Their first film together, “Hollywood Dreams,” found Frederick playing a fresh off the bus actress _ from Iowa, natch _ whose relationship with a young actor may complicate her own rise to stardom. “Irene in Time,” Jaglom’s rumination on the relationship between fathers and daughters, again has Frederick’s character unluckily romantic and at sea in the City of Angels. For “Queen of the Lot,” which will co star Noah Wyle, Jaglom and Frederick will once again revisit “Hollywood Dreams’” Maggie.

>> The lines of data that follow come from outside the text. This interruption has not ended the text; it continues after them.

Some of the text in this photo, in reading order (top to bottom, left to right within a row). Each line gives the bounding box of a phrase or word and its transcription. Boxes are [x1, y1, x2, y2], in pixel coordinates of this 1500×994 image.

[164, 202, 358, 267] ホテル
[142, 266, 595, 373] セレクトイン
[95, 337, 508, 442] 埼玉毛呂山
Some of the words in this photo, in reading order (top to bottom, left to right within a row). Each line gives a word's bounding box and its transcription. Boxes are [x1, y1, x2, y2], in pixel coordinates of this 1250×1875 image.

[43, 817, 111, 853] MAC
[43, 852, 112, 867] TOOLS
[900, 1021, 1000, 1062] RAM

That’s the future. Right now, in “Just 45 Minutes from Broadway,” Frederick is playing Panda the daughter of vaudevillians who crashes at her folks’ rundown apartment located, yep, near Broadway. Panda’s sister and her fiancé _ who also come to visit _ are not so theatrically inclined.

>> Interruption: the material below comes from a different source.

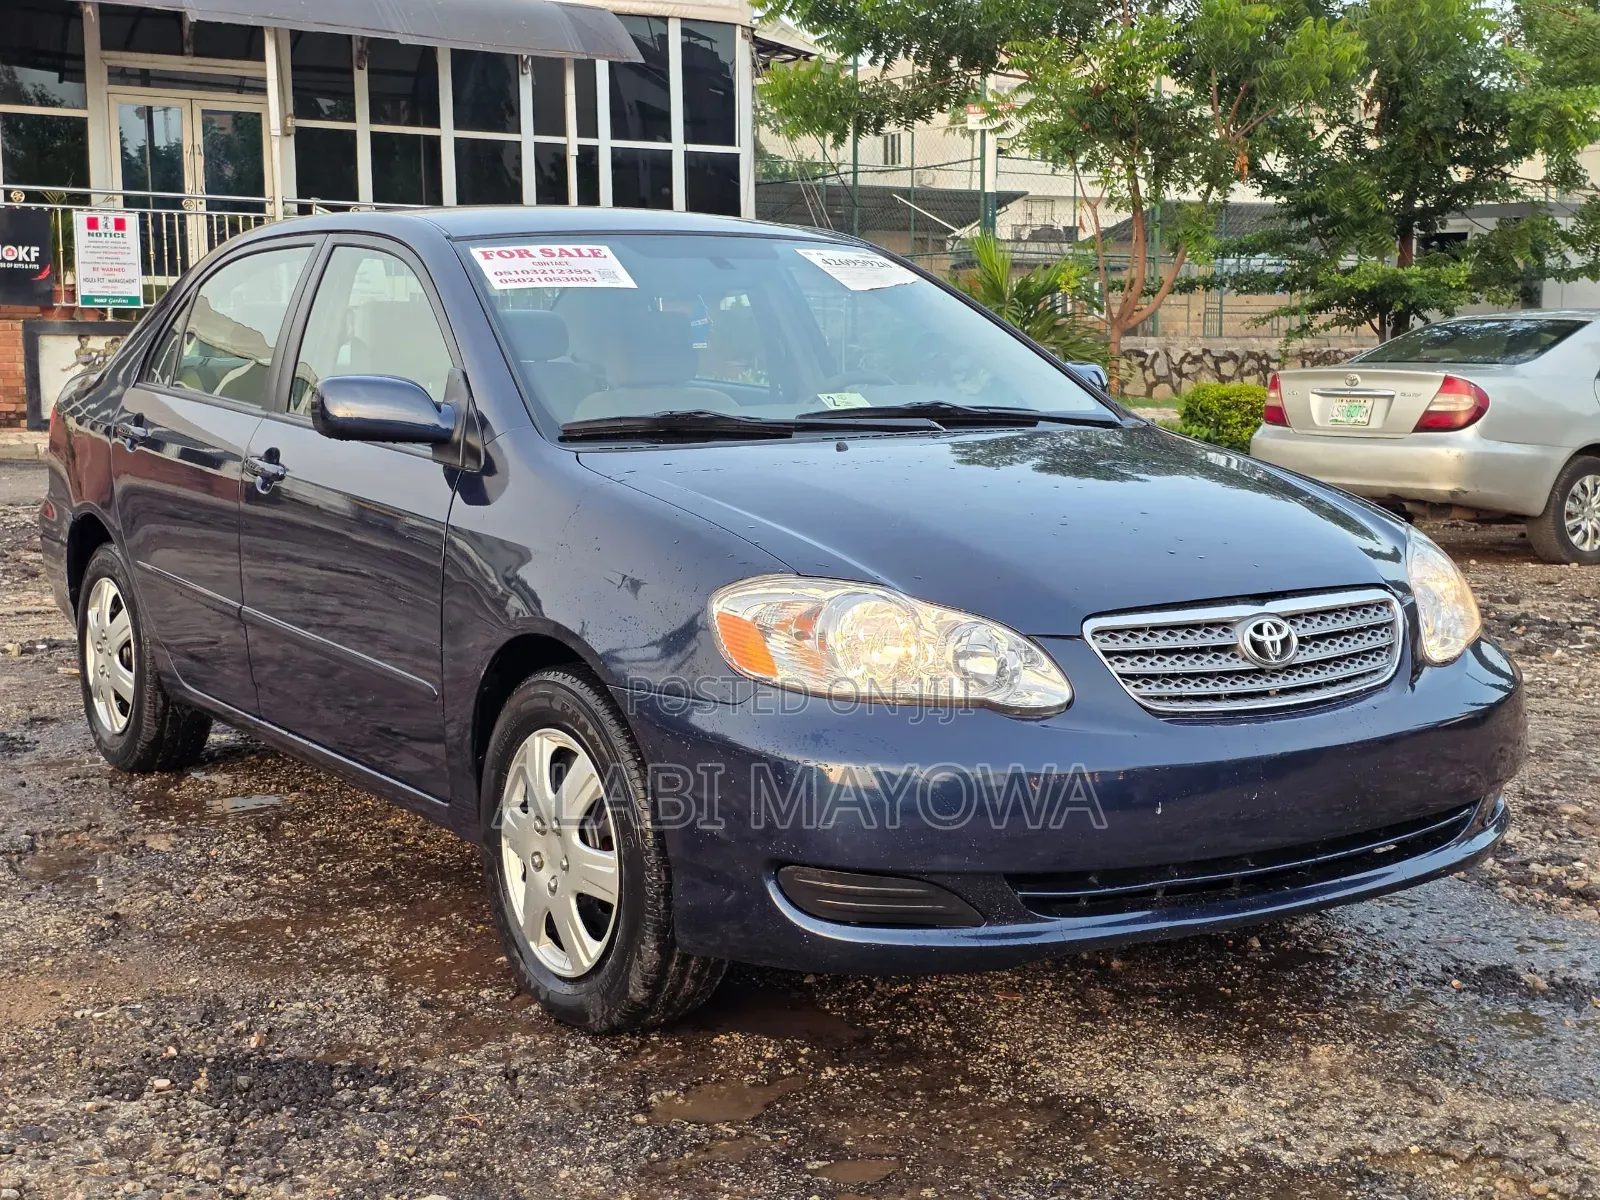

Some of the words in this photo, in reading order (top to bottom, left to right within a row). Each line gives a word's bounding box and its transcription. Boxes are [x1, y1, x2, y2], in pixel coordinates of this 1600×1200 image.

[0, 244, 40, 262] OKF
[478, 248, 536, 261] FOR
[538, 247, 608, 260] SALE

Frederick likens the play to “You Can’t Take it With You” and says that, as a playwright, Jaglom’s style is a mixture of Tennessee Williams and Arthur Williams with a dollop of Anton Chekhov.
“Harold Clurman at the Actors Studio had heralded Henry as the new voice of American theater,” says Frederick. “The Henry got into movies and never wrote plays again. His plays are much more linear, and his dialog has its own flavor and rhythm. With his plays, he’s very much a stickler about every single miniscule word, period, punctuation mark and emphasis. He’s crazy, but it’s for a good reason.”
Joining Frederick in “Just 45 Minutes From Broadway” are David Proval, Jack Heller, Diane Salinger and musician Harriet Schock, all veterans of Jaglom’s recent movies.
Call it old home week, if you will. Jaglom’s properties tend to encourage returns.
“Pretty much everything we do together really thrives and works,” says Frederick. “We understand each other’s language. I don’t’ know. It’s just one of those great things that works.”